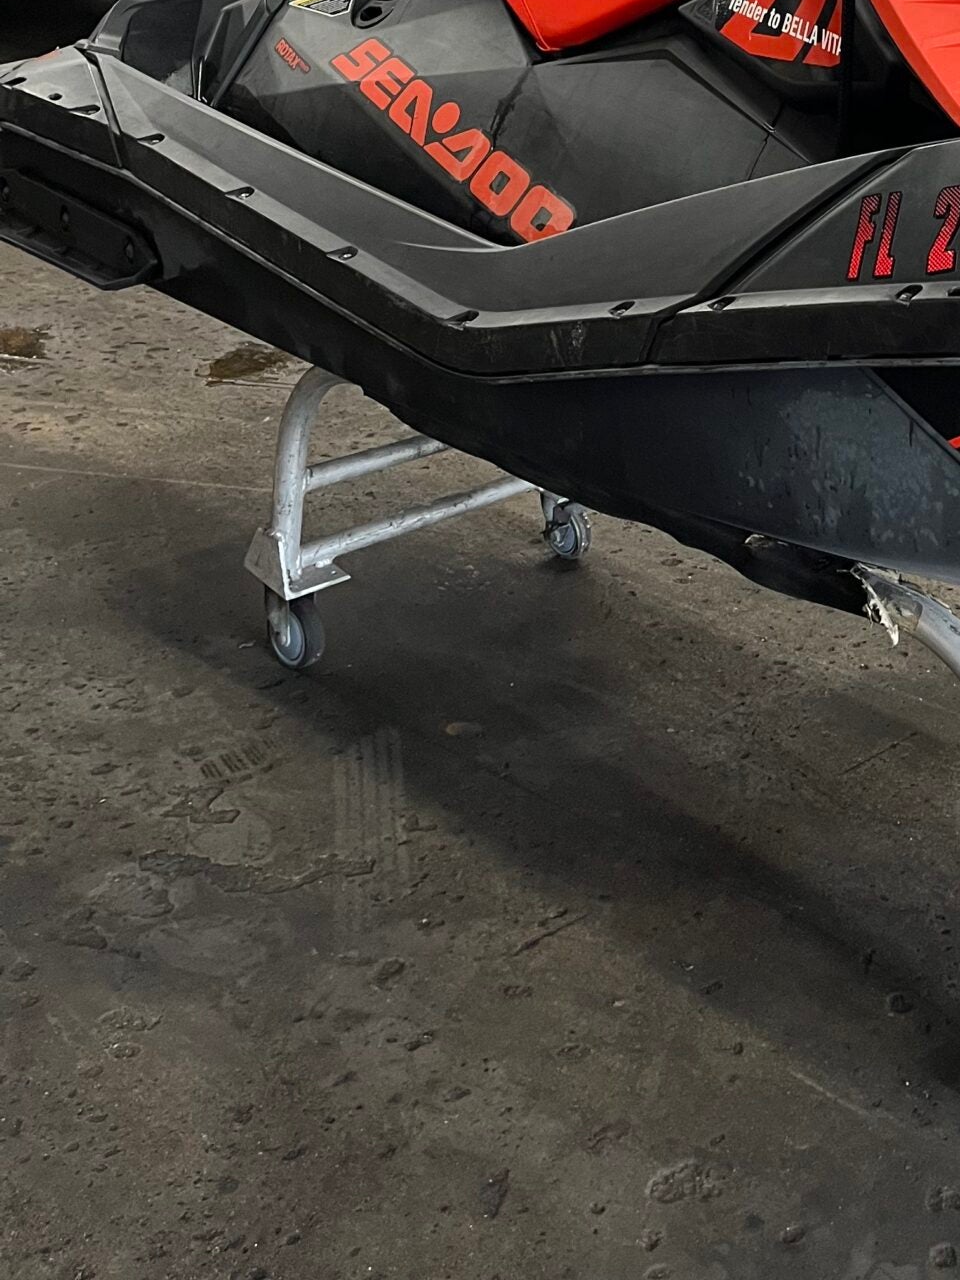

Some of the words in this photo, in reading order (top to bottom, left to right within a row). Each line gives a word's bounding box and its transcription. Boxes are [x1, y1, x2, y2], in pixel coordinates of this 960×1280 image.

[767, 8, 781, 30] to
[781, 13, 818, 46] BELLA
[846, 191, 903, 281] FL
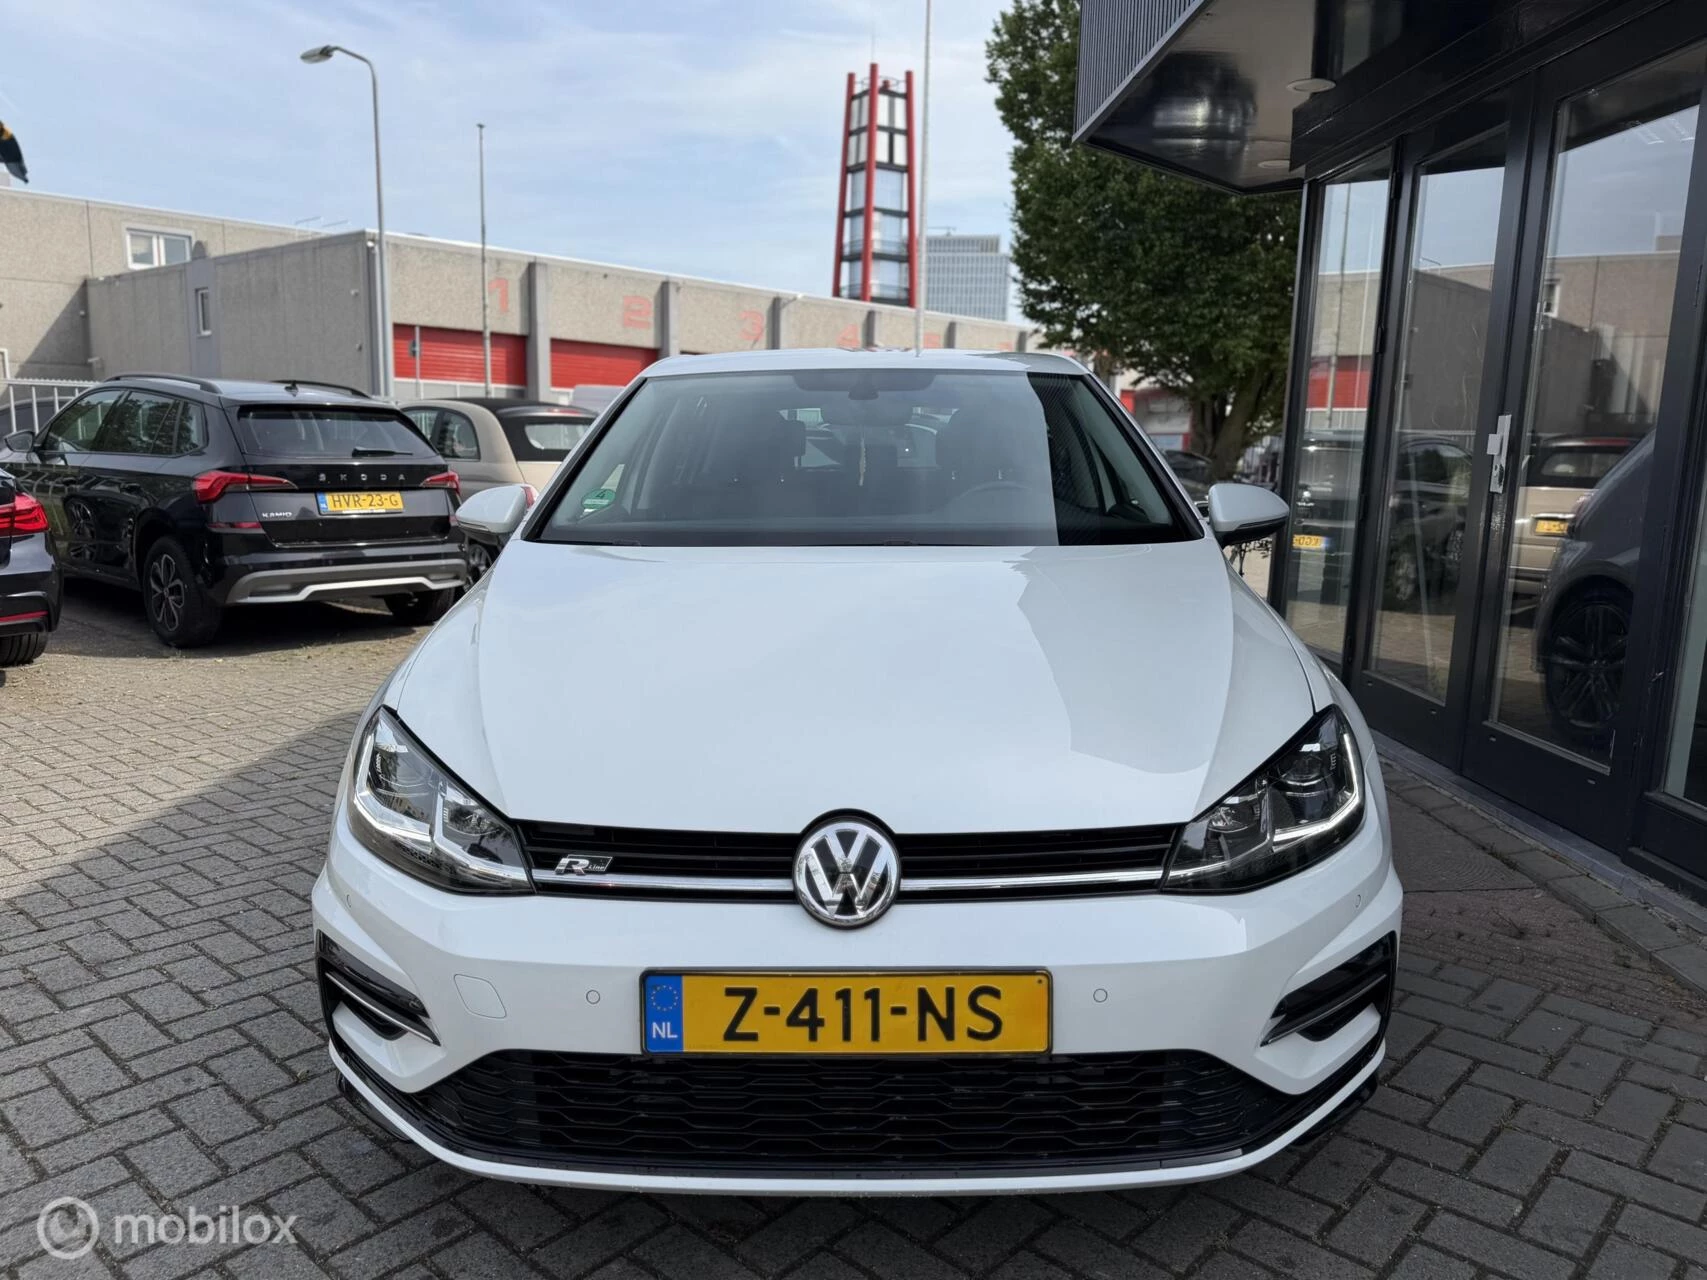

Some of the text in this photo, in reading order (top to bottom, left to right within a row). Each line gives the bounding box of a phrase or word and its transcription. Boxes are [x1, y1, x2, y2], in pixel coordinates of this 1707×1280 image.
-------------------------
Task prompt: Give the data above again exactly. Leave the pictures out.

Answer to this exercise:
Some of the words in this photo, in reading order (top to bottom, left to right within a row). Each line gives a word's bounding box and its transcription. Boxes are [x1, y1, x2, y2], in pixel coordinates of this 960×1280 image.

[767, 8, 781, 30] to
[781, 13, 818, 46] BELLA
[846, 191, 903, 281] FL

Some of the text in this photo, in reading order (top to bottom, left to right within a row). Each line gives the bounding box of a phrase or word and its transcription. Boxes are [x1, y1, x2, y2], in pixel coordinates of this 1707×1280 image.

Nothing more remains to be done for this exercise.